7
The Urban China Initiative
Changes in urban sustainability from 2008 to 2011
On the whole, most Chinese cities have seen a gradual improvement in
sustainability in recent years (Figure 3). Average growth rate of sustainability from 2008 to 2011 is around 3%. Some cities experience high growth of 7-9%, while about 10 cities experience negative growth. Social and environmental changes primarily lead this type of change. Compared with 2011, social and environmental indicators in sub-category indicators were quite different from 2008 (Figure 4). Small cities (GDP below USD 5 billion at 2008) show larger changes in social indicators than medium (GDP between USD 5 billion and 20 billion at 2008) and large cities (GDP larger than 20 billion at 2008). However, in economic and environmental indicators medium/large cities have bigger improvements than small cities. Medium cities exhibit the largest changes in built environmental-related indicators.
As shown by Figure 4, Chinese cities experienced the most significant changes in urban healthcare and pension insurance coverage, waste water management and industrial air pollution, internet access coverage and mass-transit utilization.
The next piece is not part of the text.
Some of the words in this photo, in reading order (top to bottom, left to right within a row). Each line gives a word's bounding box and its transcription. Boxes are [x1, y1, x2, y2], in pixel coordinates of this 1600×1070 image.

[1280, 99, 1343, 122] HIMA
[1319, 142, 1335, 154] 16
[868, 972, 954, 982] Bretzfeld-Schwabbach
Top overall performers in 2011 were Zhuhai, Shenzhen, Hangzhou, Xiamen, Guangzhou, Dalian, Fuzhou, Beijing, Changsha and Yantai (Figure 5). Except for Changsha, all top 10 cities are in eastern China. Except for Changsha and Beijing, 8 out of 10 are located in coastal clusters, such as the Pearl River Delta, Yangzi River Delta, Gulf West, Shandong Byland, etc. Three cities are in the Pearl River Delta cluster in Guangdong Province, namely Zhuhai, Shenzhen and Guangzhou. This suggests coastal clusters are enjoying the fruits of earlier economic openness, and with their superior geographic access, are currently the most successful and sustainable areas in China.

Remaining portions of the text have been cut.